ARECENTLY organized youth organization, the Samahan ng Progresibong Kabataan (SPARK), has expressed “deep concern” on the ongoing police operations in several cities in Metro Manila and provinces.
In a statement, the group claimed that Oplan Rody or Rid the Streets of Drunkards and Youth, which enforces antivice, decency and curfew decrees, “shows utter disregard to realities” of an evolving and booming metropolis and will “harken back to the darker days of our history.”
SPARK said Oplan Rody and the various city council resolutions have failed to account for major societal changes in the country, making hundreds of thousands of enrolled, working and even out-of-school youth automatic prey to the absolutist and unrealistic decrees.
The youth activists also called for the immediate end of Oplan Rody, until “city councils modify their resolutions and take into consideration the realities of present-day conditions, lay down the mechanisms that will safeguard the youth from human-rights abuses possibly by law-enforcement units and, more important, address the societal roots of petty crime.”
Implementation of Oplan Rody is reported to be in full swing in the cities of Quezon, Las Piñas, Manila, Pasay, Caloocan, Malabon, Mandaluyong and Makati.
Recently, the group said the cities of Bacoor in Cavite and Lipa in Batangas have, as well, “activated” their long-standing ordinances to prohibit minors outside their homes from 10 p.m. to 4 a.m. Police officials in Mandaue City in Cebu province also intend to implement their curfew ordinance that was passed in 1999. The mayor of Baguio City has also publicly expressed his support for Oplan Rody.
“On one side, we admit that local governments have the responsibility to curb petty crime and vice but then again, it counteracts other programs that the national government has implemented only recently,” said Joanne Lim, member of the National Secretariat of SPARK.
The Diliman-based activist said the city mayors and the police have mindlessly and indiscriminately enforced their “Jurassic” ordinances in an effort to get into the good side of the Duterte administration without taking into account the day-to-day struggles of commuting and working students.
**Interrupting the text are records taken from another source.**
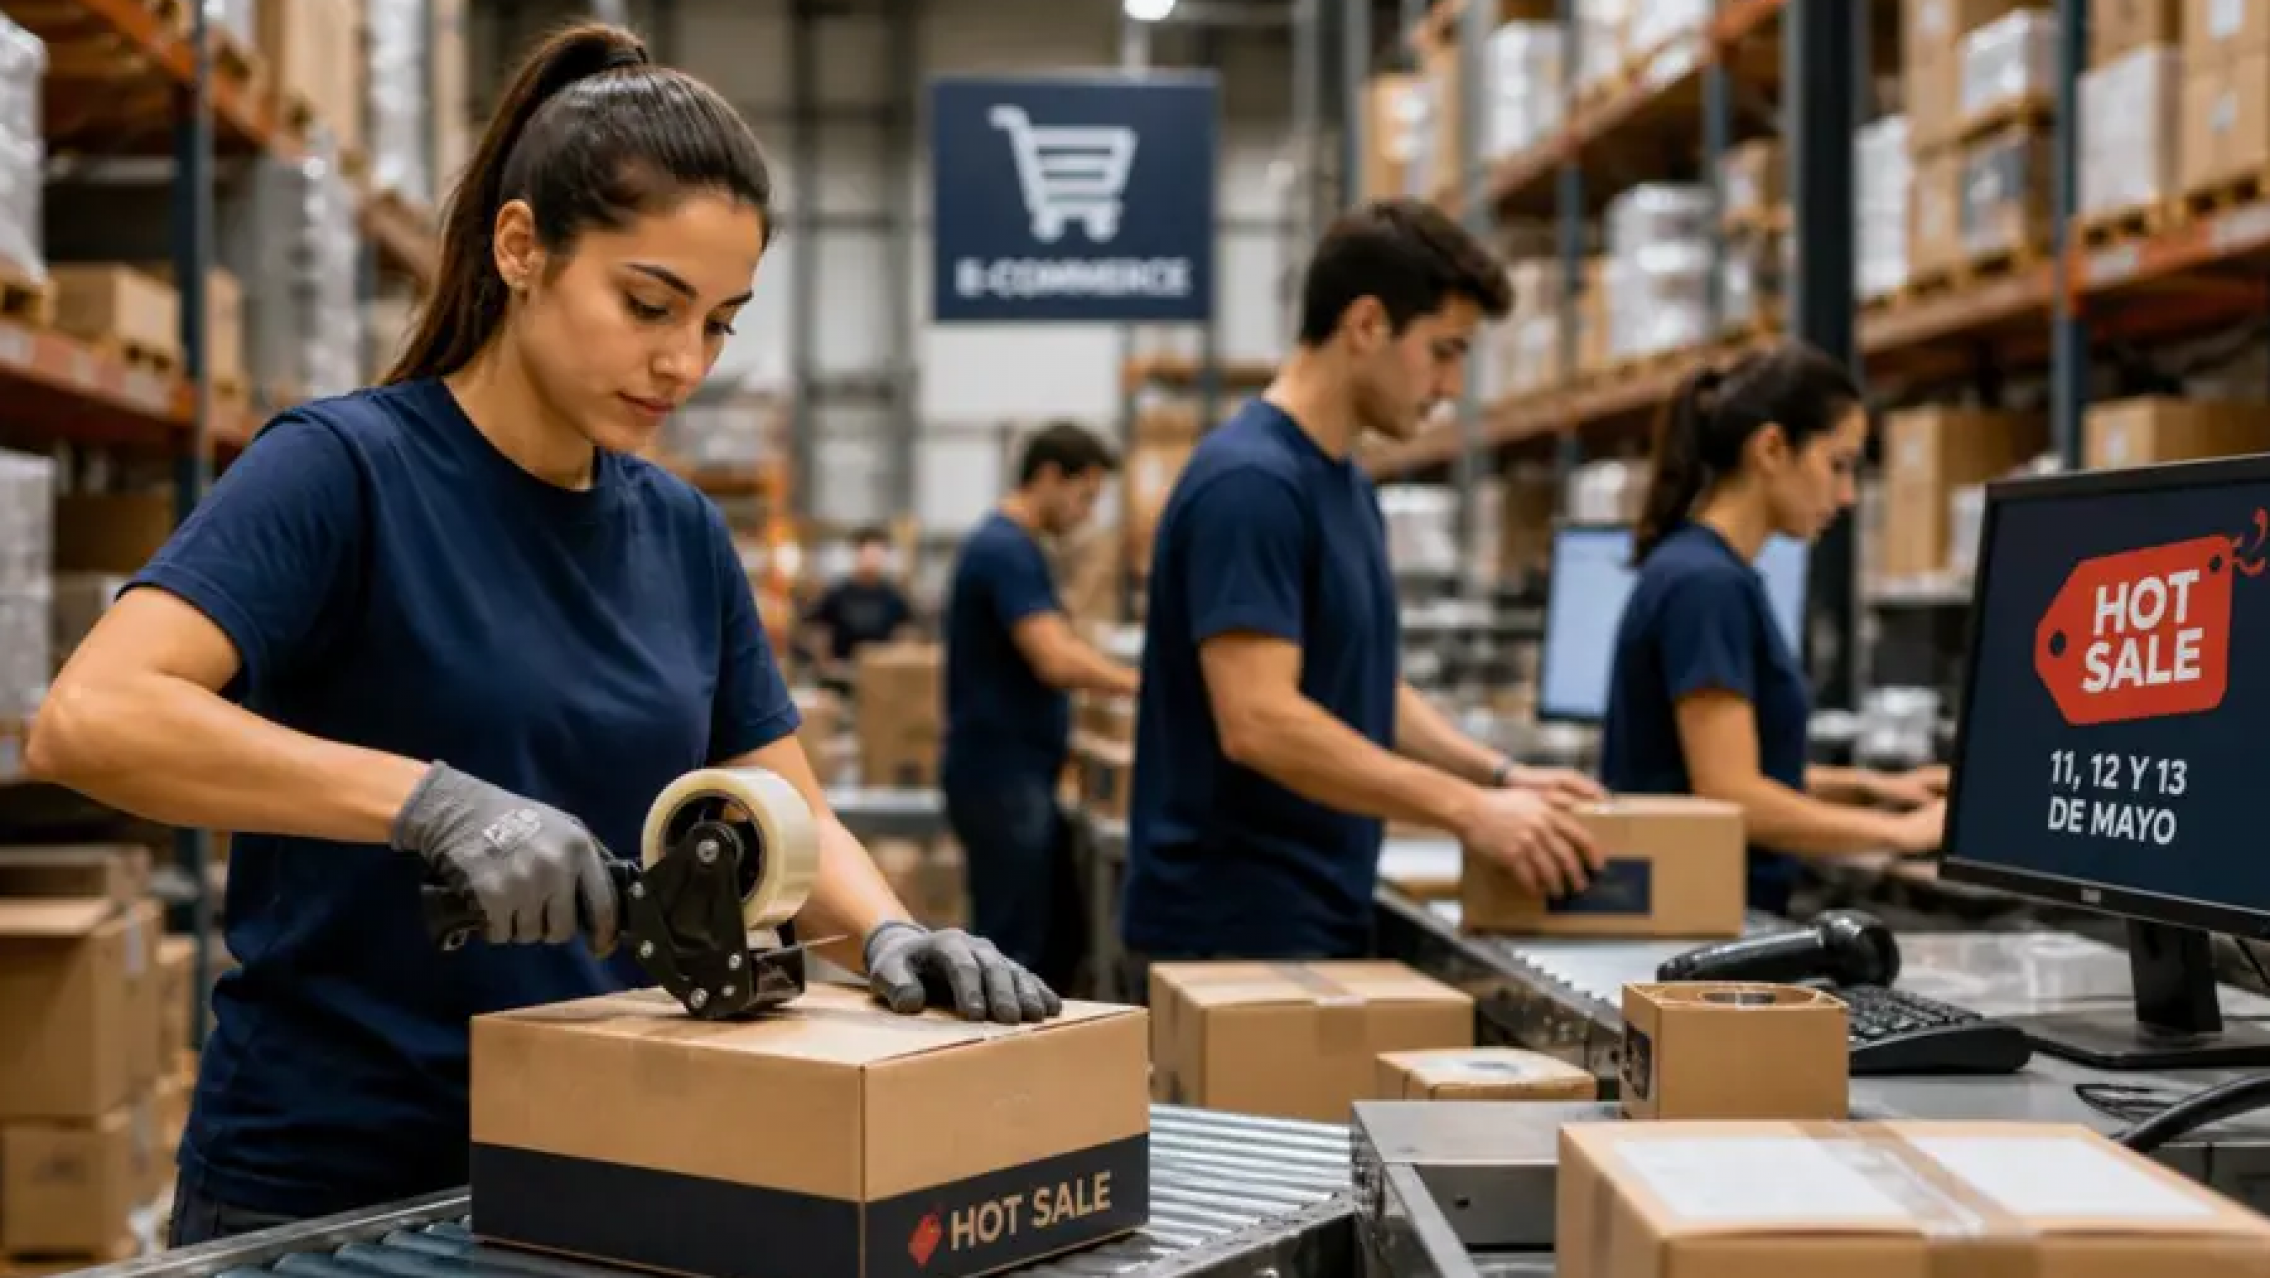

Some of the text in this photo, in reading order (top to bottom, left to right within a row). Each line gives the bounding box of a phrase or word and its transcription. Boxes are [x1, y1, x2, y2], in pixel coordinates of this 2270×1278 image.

[2094, 569, 2200, 636] HOT
[2081, 628, 2204, 693] SALE
[2051, 750, 2188, 795] 11, 12 Y 13
[2048, 796, 2177, 845] DE MAYO
[951, 1170, 1112, 1251] HOT SALE
“If Oplan Rody’s implementation in Metro Manila systematically and indiscriminately victimized students in the past weeks, how much more if implemented, as well, in the cities and municipalities around Metro Manila, where they are enrolled and employed,” Lim said.
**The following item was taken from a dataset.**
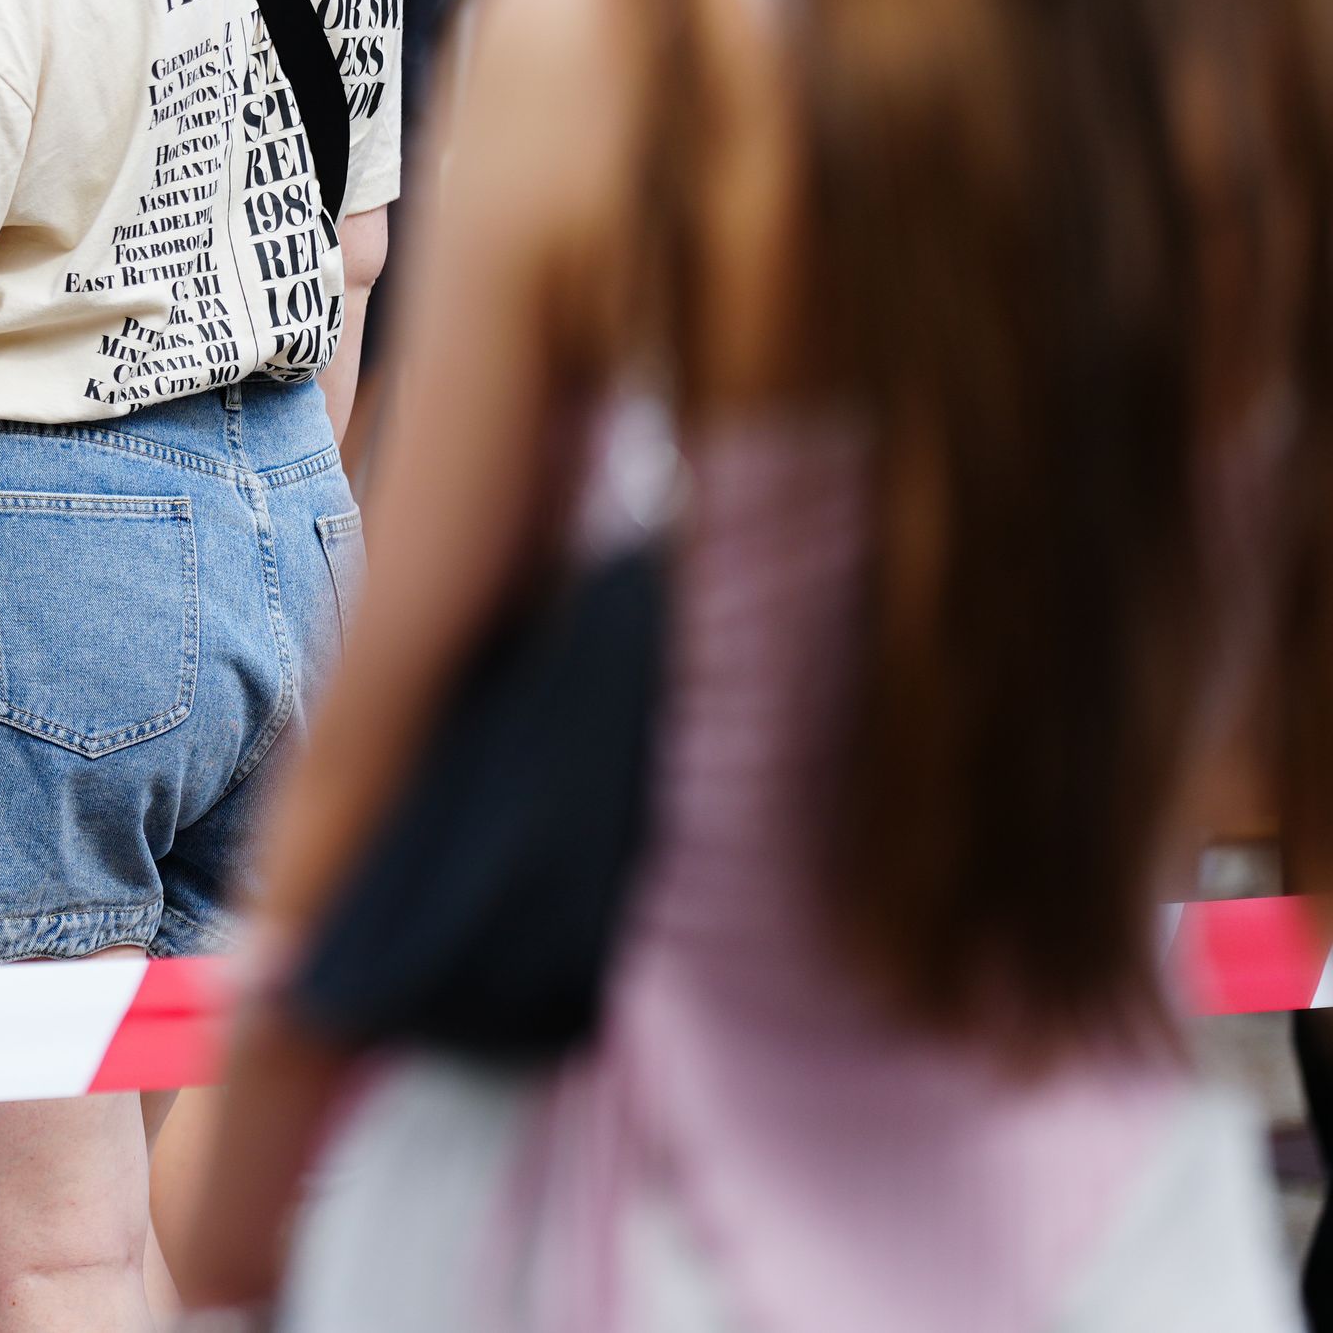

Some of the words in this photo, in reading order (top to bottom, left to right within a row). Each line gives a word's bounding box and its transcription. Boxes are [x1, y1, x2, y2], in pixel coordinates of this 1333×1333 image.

“If only students do not suffer from horrendous traffic jams, flooded streets in the rainy season and inadequate public-transport systems on a daily basis, then it can be implemented as early as 10 p.m., but that is not the case. The immense volume of people traveling to and from Cavite, Rizal and Laguna, many of them students, will require longer traveling hours,” she added.
Lim said senior high-school students, as well as working students, will need more latitude and consideration from authorities.
“To implement the curfew in the manner which is done as seen on television is not only traumatic but also indiscriminate. Such draconian measures and methods cannot be implemented without violation of human rights, because all minors found past 10 p.m., are under the presumption of criminal activity, not unless proven to be enrolled or came from their graveyard shift at work,” she said.